Problem details
Nothing but the lines from the one containing "this 1800×945 image." to the final line of the entries should appear, copied exactly and without pictures.

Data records
== Segment start ==

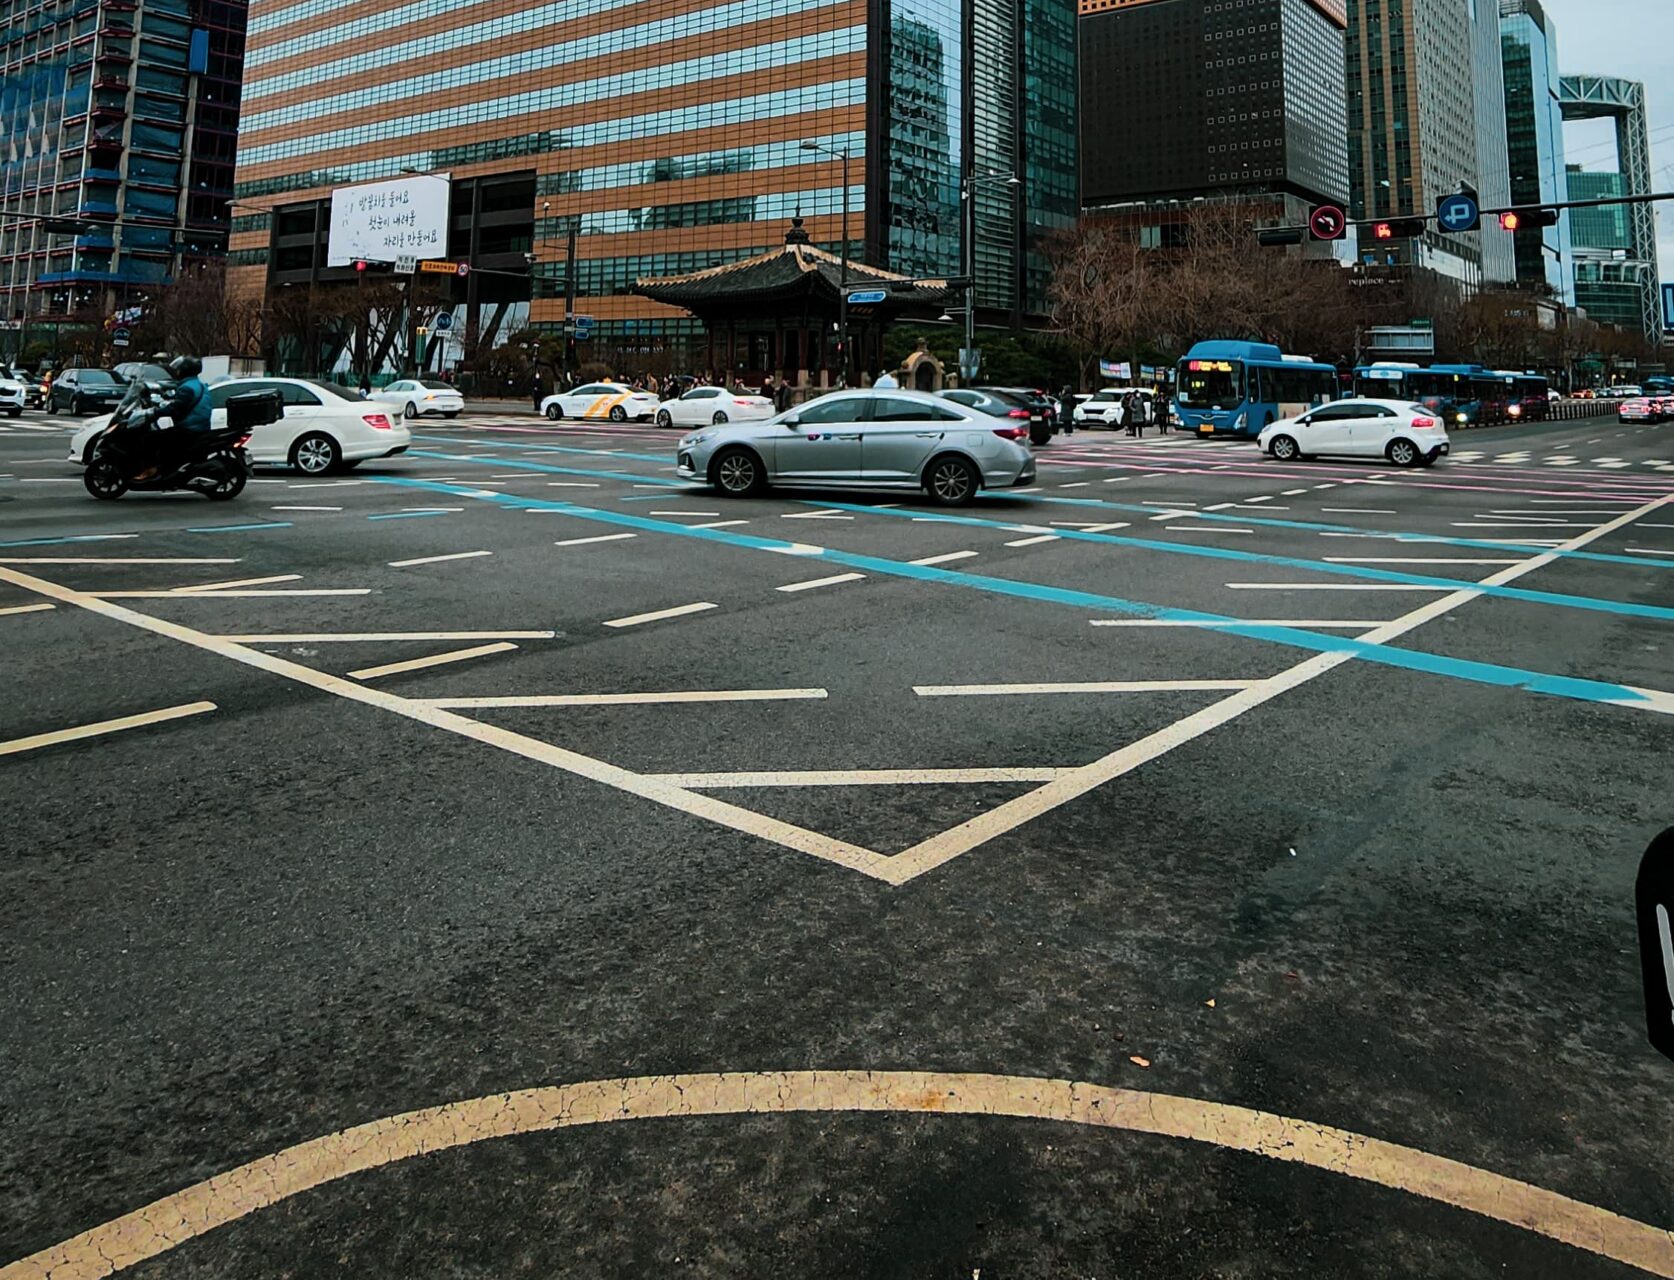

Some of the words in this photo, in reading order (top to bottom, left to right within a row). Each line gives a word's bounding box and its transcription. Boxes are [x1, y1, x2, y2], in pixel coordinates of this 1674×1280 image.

[389, 190, 409, 207] 들어요
[384, 232, 404, 248] 자리를
[407, 229, 437, 246] 만들어요
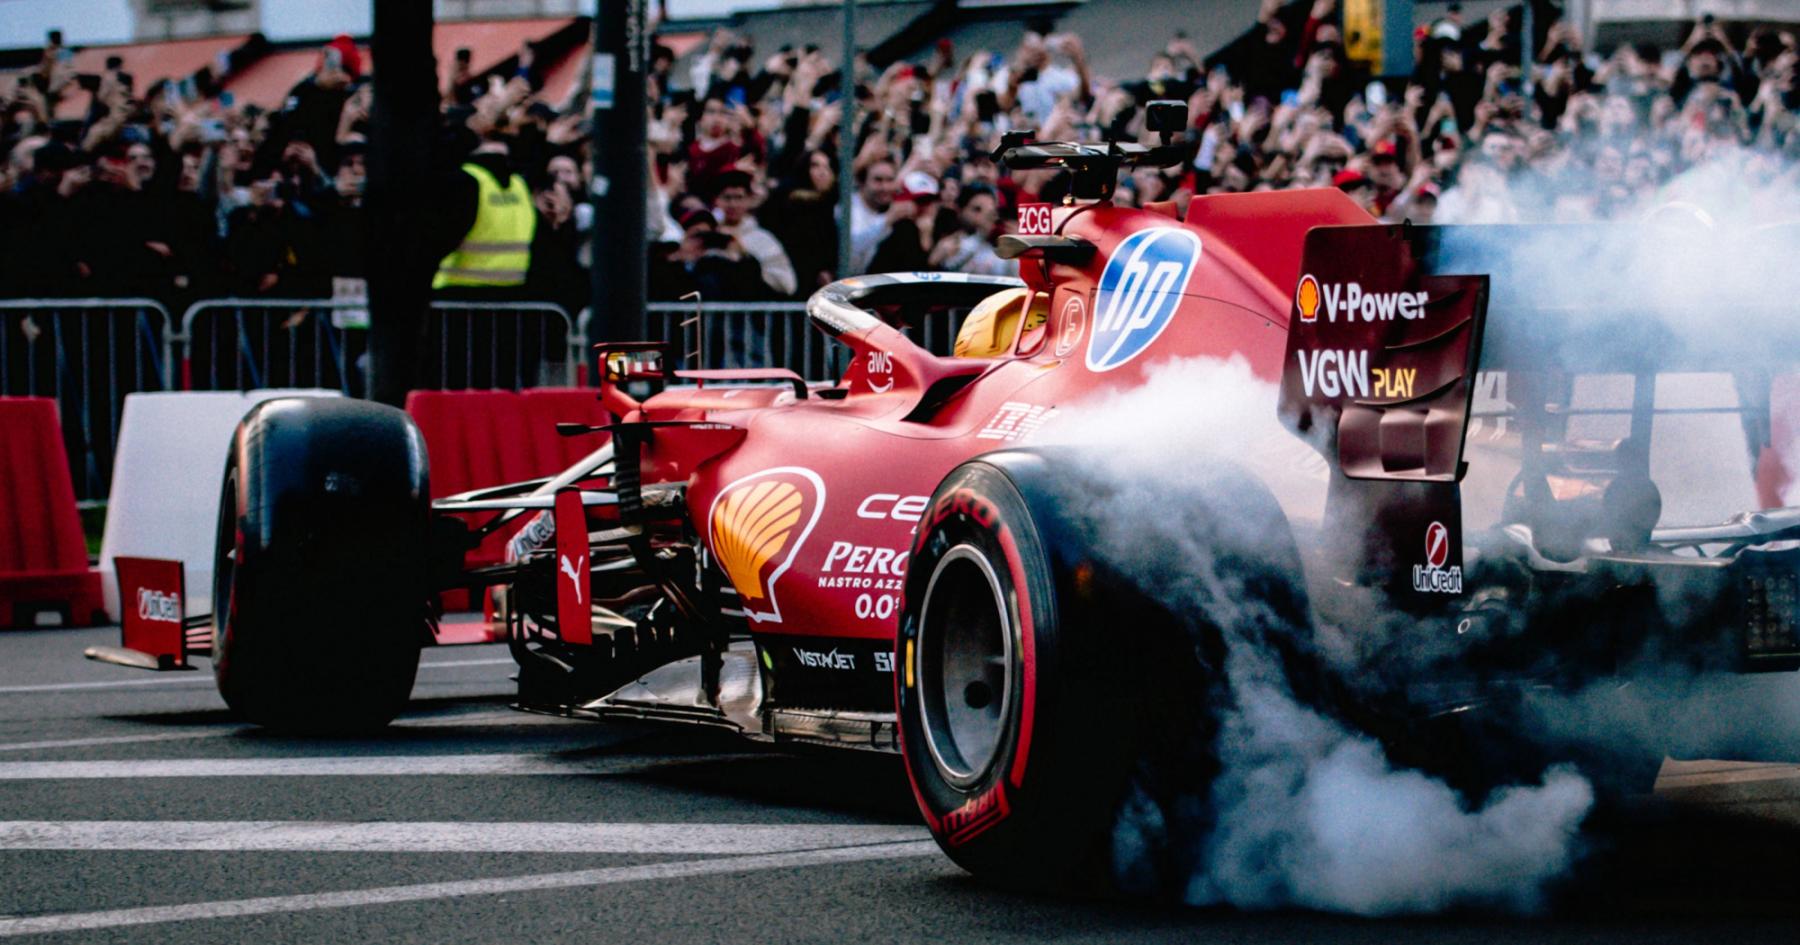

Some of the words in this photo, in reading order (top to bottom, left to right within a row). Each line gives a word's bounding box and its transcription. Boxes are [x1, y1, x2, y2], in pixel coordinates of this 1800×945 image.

[1018, 206, 1051, 234] ZCG
[1322, 282, 1429, 323] V-Power
[867, 351, 894, 374] aws
[1297, 349, 1369, 398] VGW
[1371, 368, 1417, 398] PLAY
[818, 577, 872, 589] NASTRO
[1413, 564, 1462, 594] UniCredit
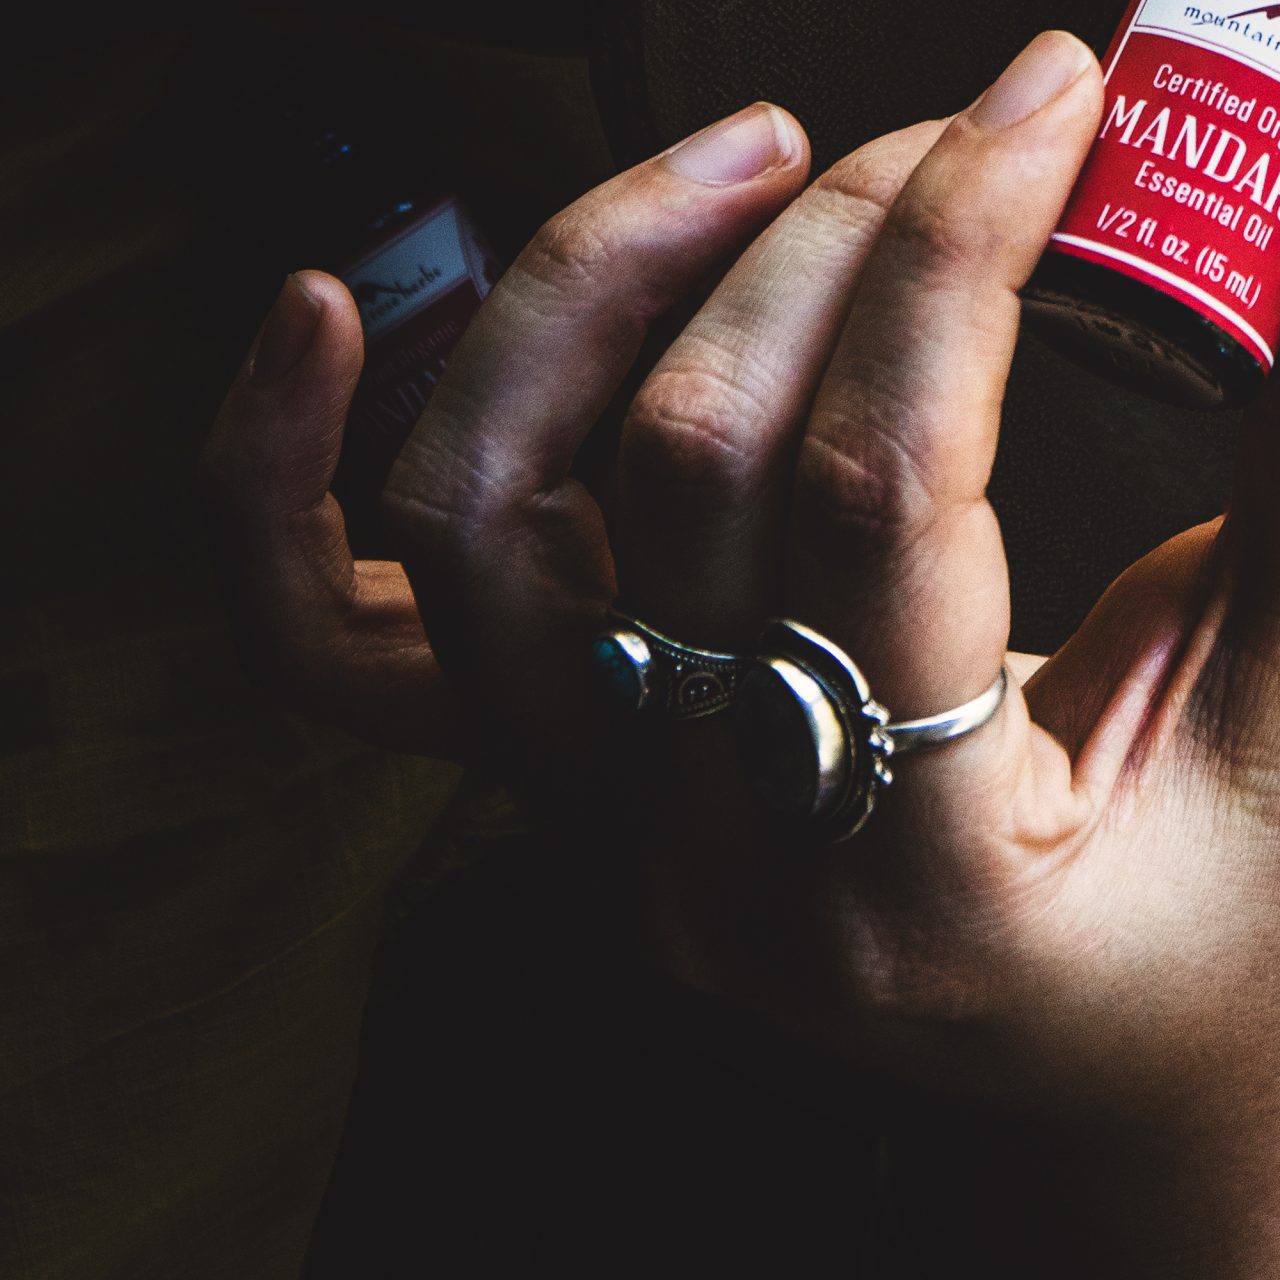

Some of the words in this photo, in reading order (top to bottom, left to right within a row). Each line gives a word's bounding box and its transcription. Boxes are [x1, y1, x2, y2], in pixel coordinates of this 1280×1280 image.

[1152, 63, 1257, 123] Certified
[1134, 160, 1244, 232] Essential
[1243, 214, 1274, 252] Oil
[1096, 203, 1138, 238] 1/2
[1135, 217, 1158, 249] fl.
[1161, 234, 1189, 265] oz.
[1194, 246, 1228, 283] (15
[1224, 271, 1263, 309] mL)
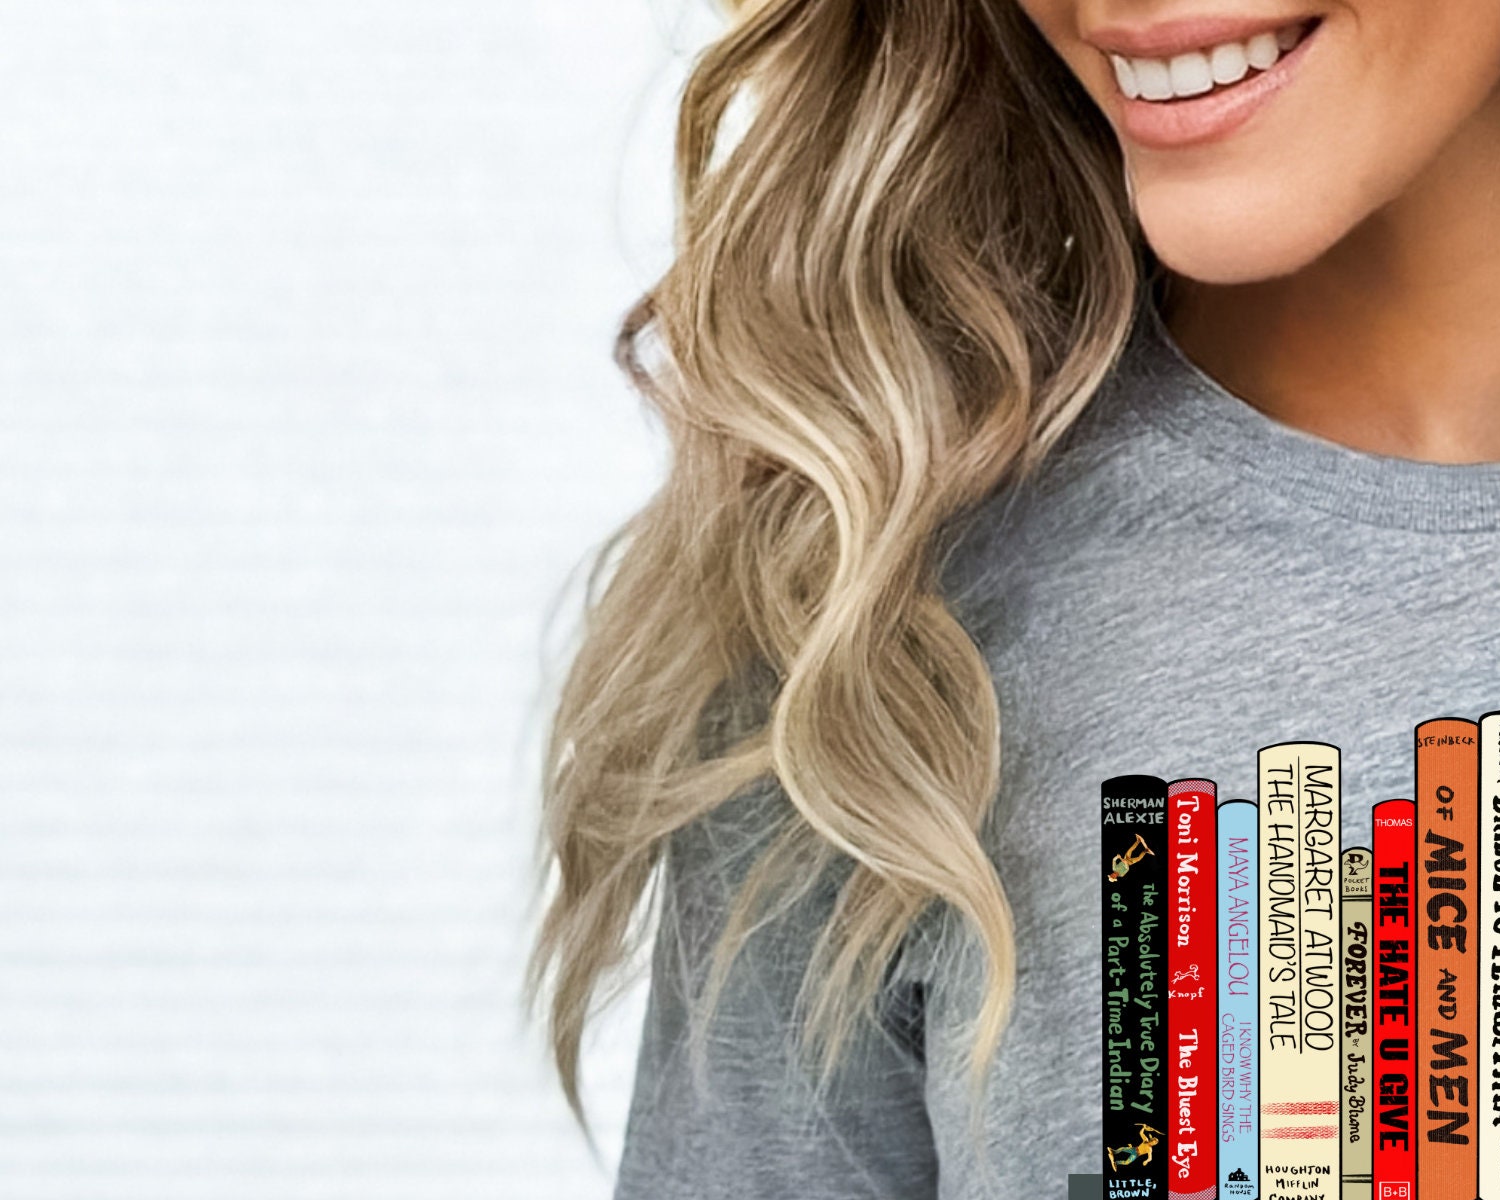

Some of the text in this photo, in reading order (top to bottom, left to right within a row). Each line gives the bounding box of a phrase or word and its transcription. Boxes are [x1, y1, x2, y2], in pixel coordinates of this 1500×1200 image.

== Segment end ==

Task result
Some of the words in this photo, in reading order (top to bottom, left to right within a row). Each line gives a word's bounding box and its transcription. Boxes are [x1, y1, x2, y2], in pixel coordinates of this 1800×945 image.

[1018, 206, 1051, 234] ZCG
[1322, 282, 1429, 323] V-Power
[867, 351, 894, 374] aws
[1297, 349, 1369, 398] VGW
[1371, 368, 1417, 398] PLAY
[818, 577, 872, 589] NASTRO
[1413, 564, 1462, 594] UniCredit

Some of the words in this photo, in reading order (top to bottom, left to right within a row). Each line gives a word's bounding box and its transcription. Boxes are [x1, y1, x2, y2], in pixel coordinates of this 1280×1280 image.

[1152, 63, 1257, 123] Certified
[1134, 160, 1244, 232] Essential
[1243, 214, 1274, 252] Oil
[1096, 203, 1138, 238] 1/2
[1135, 217, 1158, 249] fl.
[1161, 234, 1189, 265] oz.
[1194, 246, 1228, 283] (15
[1224, 271, 1263, 309] mL)

Some of the text in this photo, in reading order (top to bottom, left to right within a row). Each line gives the bounding box of a phrase or word and its transcription. Boxes are [x1, y1, x2, y2], in pixel coordinates of this 1500×1200 image.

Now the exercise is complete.